**Goal of the exercise:** Excluding images, repeat the data exactly as given.

**Stored entries:**

--------------------------------

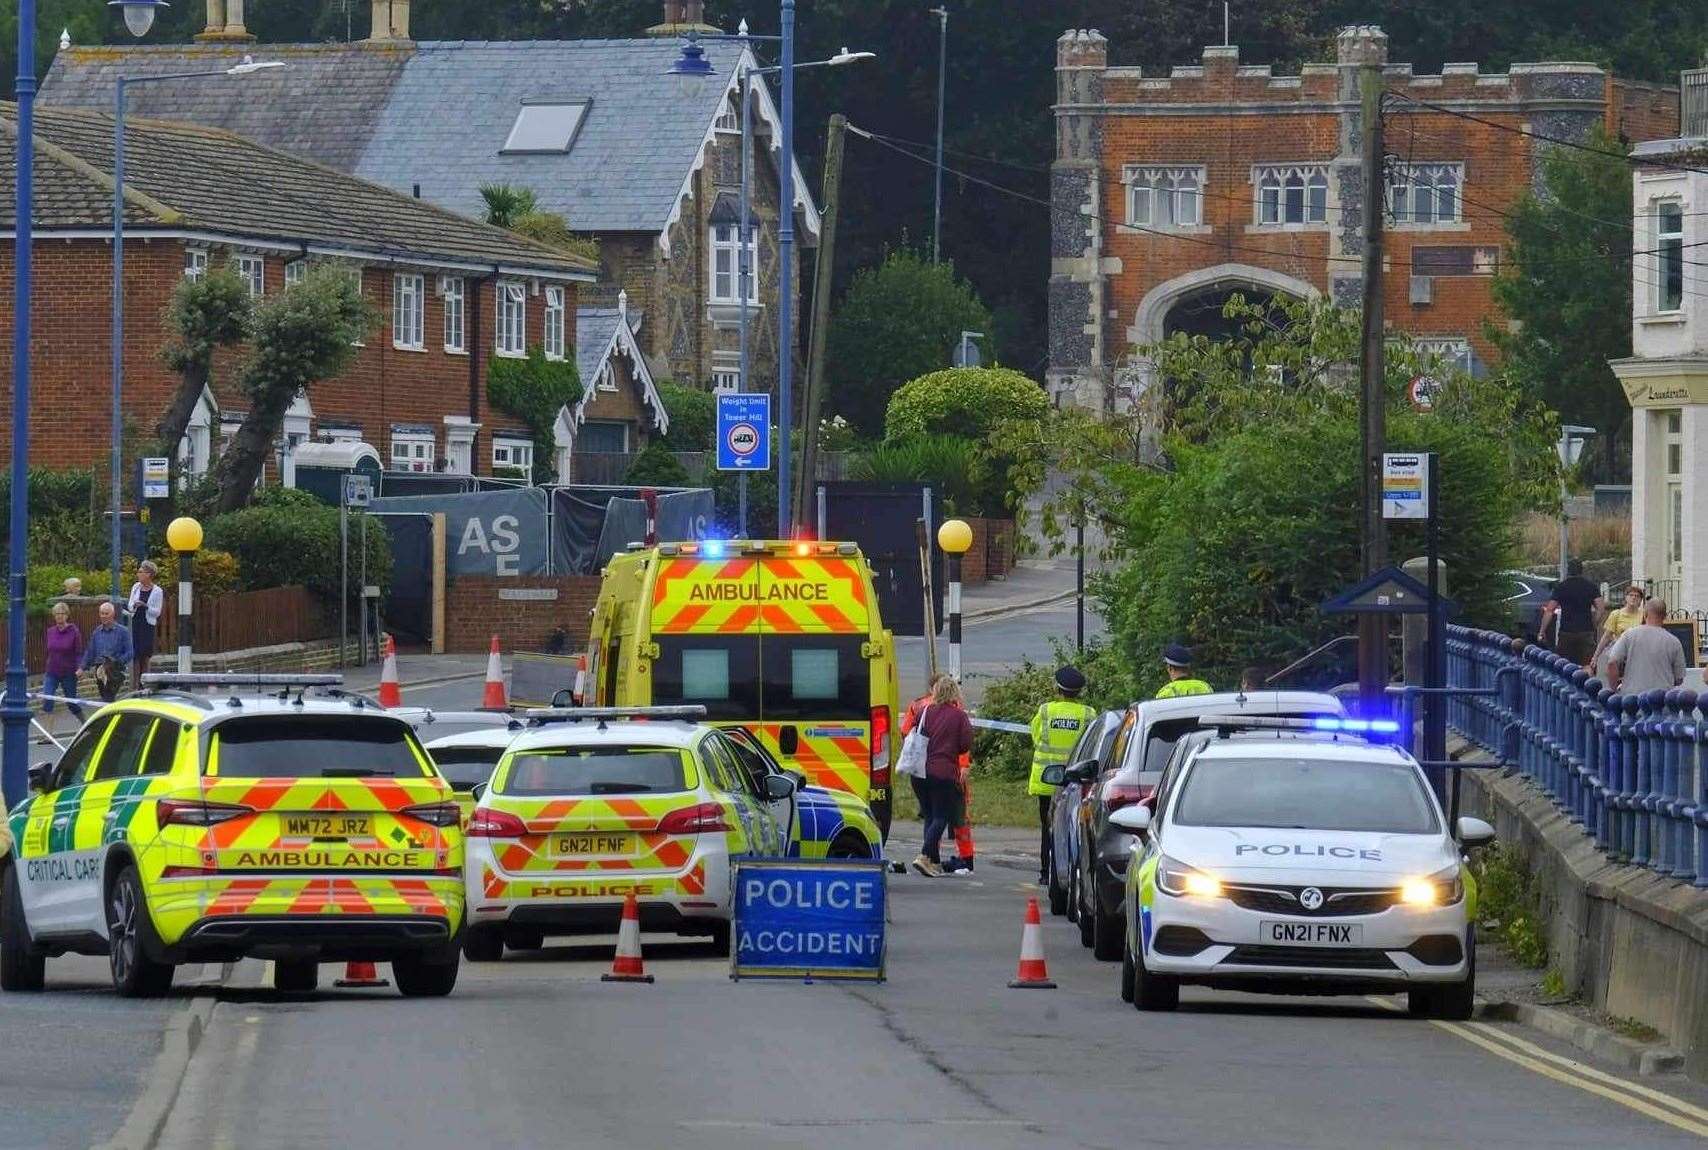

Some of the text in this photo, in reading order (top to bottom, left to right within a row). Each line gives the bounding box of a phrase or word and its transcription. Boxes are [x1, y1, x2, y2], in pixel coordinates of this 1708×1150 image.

[721, 397, 748, 406] Weight
[458, 515, 521, 555] AS
[689, 583, 829, 601] AMBULANCE
[1052, 719, 1079, 730] POLICE
[287, 819, 370, 835] MM72 JRZ
[559, 837, 626, 853] GN21 FNF
[1235, 844, 1383, 862] POLICE
[236, 852, 419, 867] AMBULANCE
[27, 859, 72, 881] CRITICAL
[531, 885, 655, 897] POLICE
[745, 879, 874, 909] POLICE
[1272, 923, 1352, 943] GN21 FNX
[738, 931, 881, 955] ACCIDENT

--------------------------------

**Answer below:**
Some of the text in this photo, in reading order (top to bottom, left to right within a row). Each line gives the bounding box of a phrase or word and its transcription. Boxes are [x1, y1, x2, y2], in pixel coordinates of this 1708×1150 image.

[721, 397, 748, 406] Weight
[458, 515, 521, 555] AS
[689, 583, 829, 601] AMBULANCE
[1052, 719, 1079, 730] POLICE
[287, 819, 370, 835] MM72 JRZ
[559, 837, 626, 853] GN21 FNF
[1235, 844, 1383, 862] POLICE
[236, 852, 419, 867] AMBULANCE
[27, 859, 72, 881] CRITICAL
[531, 885, 655, 897] POLICE
[745, 879, 874, 909] POLICE
[1272, 923, 1352, 943] GN21 FNX
[738, 931, 881, 955] ACCIDENT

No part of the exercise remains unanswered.